È urgentemente necessaria una radicale trasformazione del sistema alimentare globale. Senza azione, il mondo rischia di non rispettare gli obiettivi di sviluppo sostenibile delle Nazioni Unite e l'accordo di Parigi.- Dr Johan Rockström, direttore dell'Istituto di ricerca sull'impatto climatico di Potsdam

Composta da 37 scienziati di 16 paesi, la EAT-Lancet Commission on Food, Planet, Health è stata creata per raggiungere un consenso scientifico su una dieta benefica per la salute umana, con l'obiettivo di raggiungere gli obiettivi di sviluppo sostenibile delle Nazioni Unite e di allinearsi con l'accordo di Parigi sui cambiamenti climatici.

Guarda anche: Cambiamento climatico

Il rapporto della commissione, "Food in the Anthropocene: the EAT - Lancet Commission su diete sane da sistemi alimentari sostenibili ”, è stato pubblicato sulla rivista medica britannica The Lancet, il 16 gennaio, a cui è seguito il suo lancio ufficiale il giorno successivo a Oslo, in Norvegia, che sarà seguito da una serie di altri eventi nelle città di tutto il mondo.
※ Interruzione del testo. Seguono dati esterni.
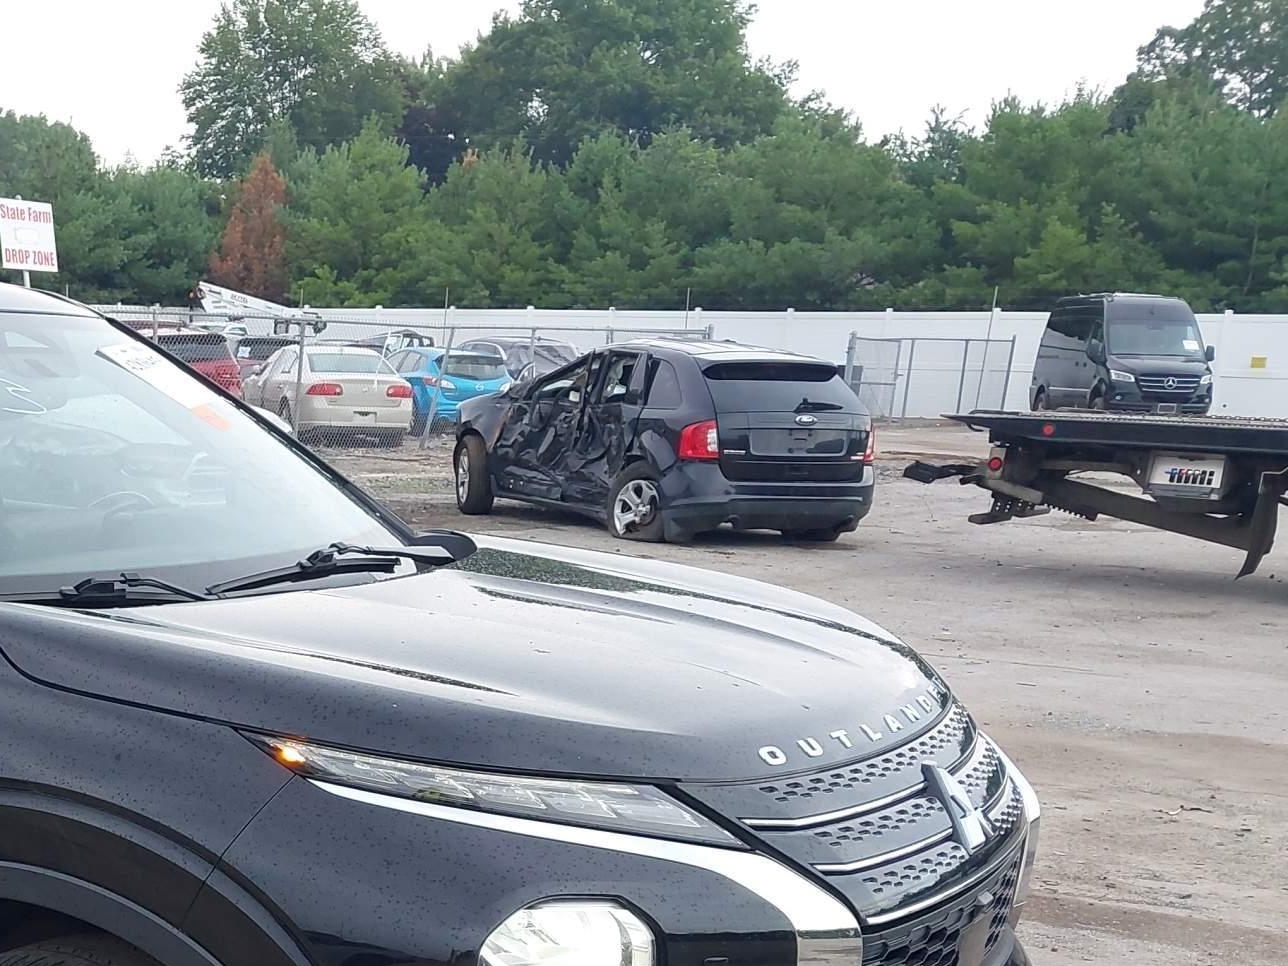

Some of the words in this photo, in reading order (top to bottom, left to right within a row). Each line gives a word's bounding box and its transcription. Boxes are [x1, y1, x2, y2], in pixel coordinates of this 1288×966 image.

[0, 203, 26, 221] State
[27, 206, 52, 224] Farm
[4, 247, 31, 265] DROP
[32, 250, 56, 267] ZONE
La commissione internazionale ha esaminato il ruolo dei sistemi alimentari e dietetici sui cambiamenti climatici e su come nutrire una popolazione globale in crescita, mitigando al contempo i danni al pianeta. Tenendo conto del fatto che non vi è stato un consenso globale su come potrebbe essere una dieta sana ed ecologicamente sostenibile, questa è la prima dieta basata sulla scienza che tenta di raccomandarne una che può essere applicata a livello globale.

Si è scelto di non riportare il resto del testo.